Ambos abrieron los labios para hablar a la vez, justo cuando sonó la campanilla de la puerta de abajo. Se volvieron hacia la escalera y escucharon. La voz de Penelope les llegó con claridad, asegurando a Imogen y jane que «conocemos el camino».
EI inspector buscó los ojos de Griselda.
– Luego.
Ella le sostuvo la mirada un instante más y asintió.
– Sí. Luego. Cuando todo esto haya pasado y tengamos tiempo para pensar.
Stokes se mostró de acuerdo asintiendo con la cabeza, le soltó las manos y se puso de pie cuando la cabeza morena de Penelope aparecía por la escalera.
Al levantar la vista, la joven los vio. Sonrió.
– Hola. ¿Hay noticias?
Stokes negó con la cabeza y miró a Barnaby, que seguía a Penelope hacia el sofá.
– ¿Y vosotros?
Barnaby hizo una mueca.
– Ni un susurro de nadie en ninguna parte.
Penelope se dejó caer en el asiento con expresión contrariada. Aun siendo innecesario, les informó:
– La paciencia no es mi fuerte.
Griselda sonrió compadeciéndola.
– Antes pensaba que era el mío, pero con esto…
– Lo peor -dijo Barnaby- es que se nos acaba el tiempo. El Parlamento cierra a finales de esta semana.
El anuncio fue recibido en silencio. Griselda trató de romperlo anunciando.
– Ya es hora de cerrar. ¿A quién le apetece un té?
Los demás mostraron cierto interés. Griselda bajó a la tienda. Barnaby y Stokes se pusieron a comentar una de las intrigas policiacas que estaban afectando a la policía. Penelope los escuchaba mientras oía a Griselda despidiendo a sus aprendizas para luego cerrar la puerta y bajar las persianas. Se puso en pie.
– Voy a ayudar a Griselda con el té.
Los hombres asintieron con aire ausente; ella se dirigió a la escalera y bajó a la pequeña cocina.

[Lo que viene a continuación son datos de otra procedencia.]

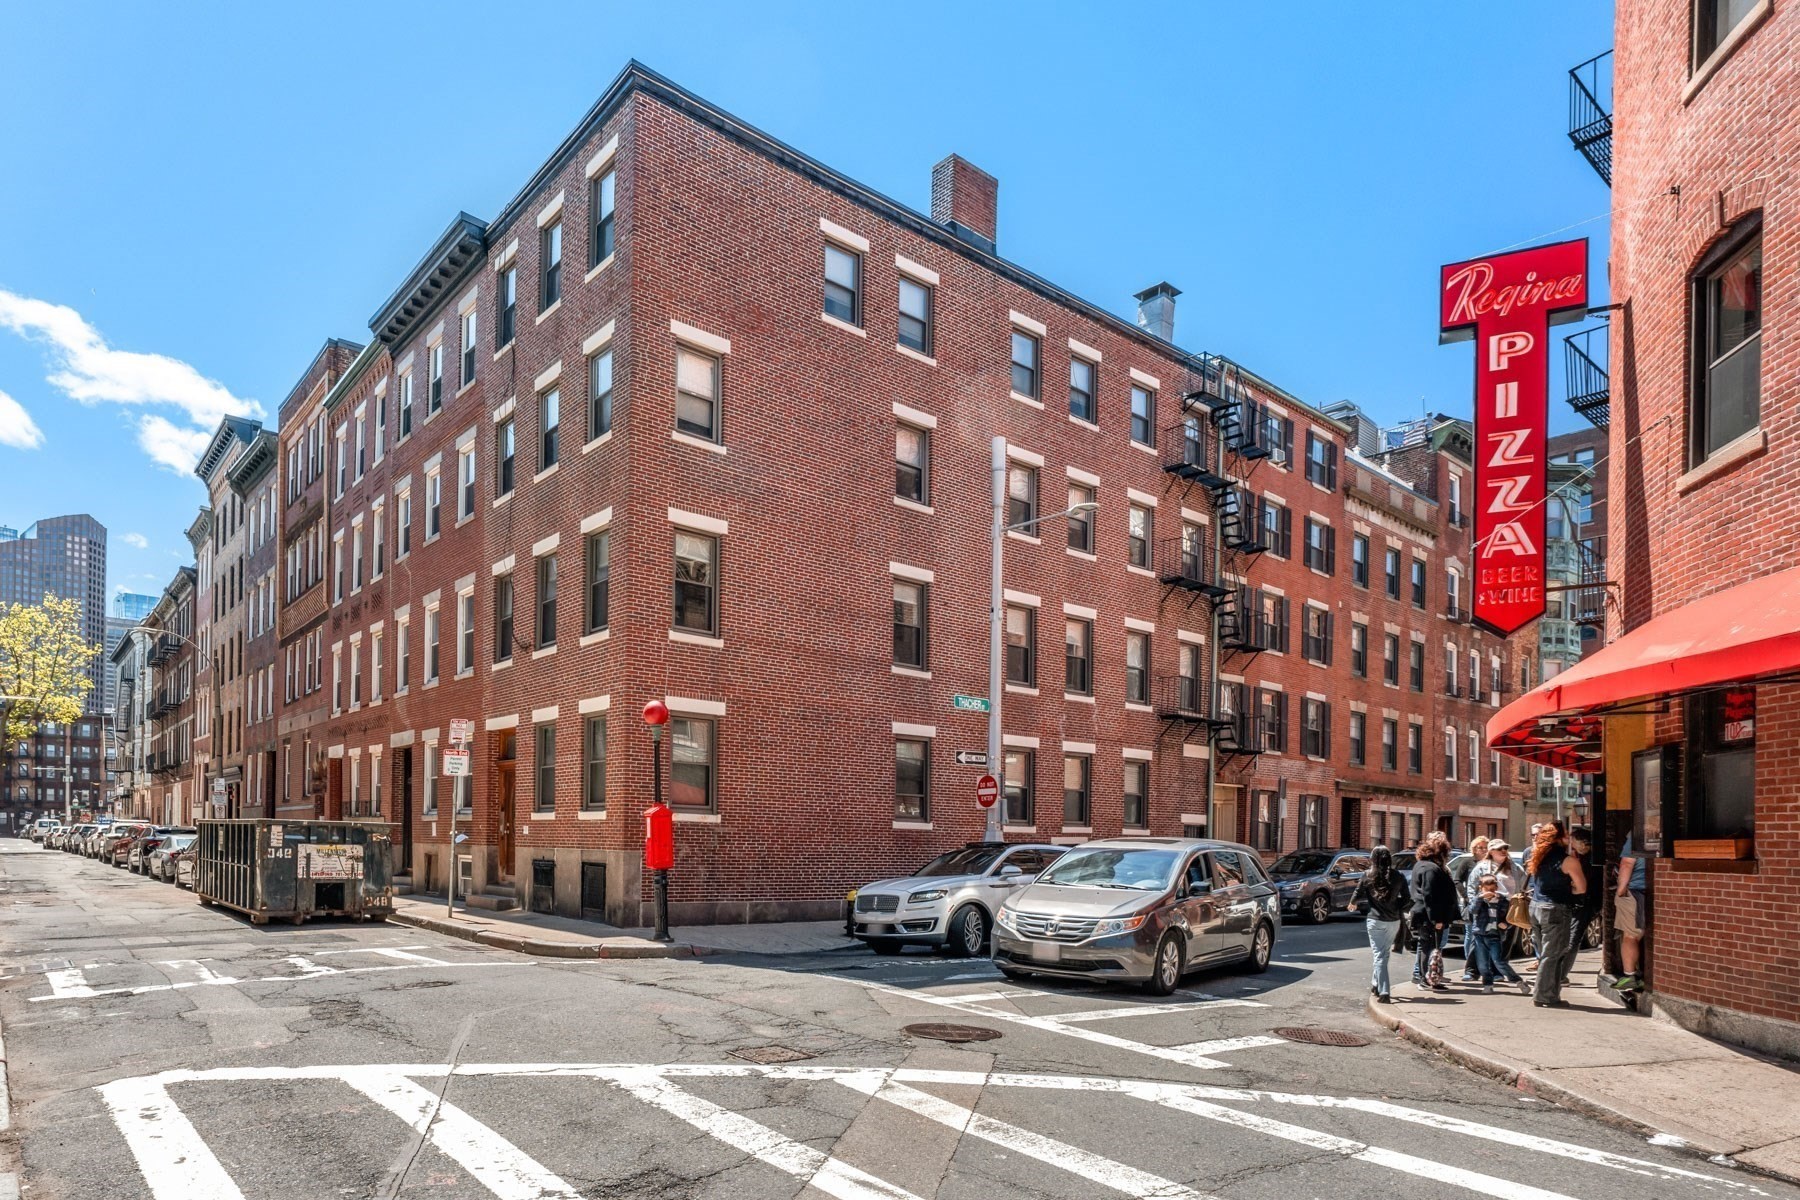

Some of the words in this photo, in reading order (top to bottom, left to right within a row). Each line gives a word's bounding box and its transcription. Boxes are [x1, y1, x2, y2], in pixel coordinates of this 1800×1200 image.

Poniendo la tetera en el fogón, Griselda la miró y sonrió. Señaló una lata que había encima de la mesa.
– Tengo galletas de mantequilla; podríamos servirlas.
Penelope abrió la lata y buscó un plato. Griselda le alcanzó uno y luego cogió una bandeja de un estante alto. Le sopló el polvo y la limpió con un trapo. Al dejarla en la mesa, sonrió.
– No recibo muchas visitas.
Tras poner el plato de galletas sobre la bandeja, Penelope la miró.
– Yo tampoco, la verdad.
– Vaya. -Griselda vaciló antes de decir: -Pensaba que las damas de la buena sociedad se visitaban unas a otras asiduamente. Té matutino, té por la tarde, té para merendar…
– Litros de té, por supuesto. Pero solo acudo acompañando a mi madre, y aunque la visitan muchas damas, a mí no me visitan nunca.
La sombrerera ladeó la cabeza.
– ¿Porqué?
Penelope cogió una galleta y le dio un mordisco.
– Porque no tengo amigas de verdad entre las damas más jóvenes. Entre las mayores sí, pero cuentan con que sea yo quien las visite a ellas, como es natural. -Sin aguardar a que la otra preguntara, prosiguió: -Creo que les doy miedo: a las jóvenes, quiero decir.
Griselda sonrió.
– Ya lo imagino, ya.
– Hmm… Tal vez. -Penelope la miró atentamente. -Pero a ti no te doy miedo.
Griselda negó con la cabeza.
– No, en absoluto.
Penelope sonrió.
– Menos mal. -Dio un mordisco a la galleta. -Son deliciosas, por cierto.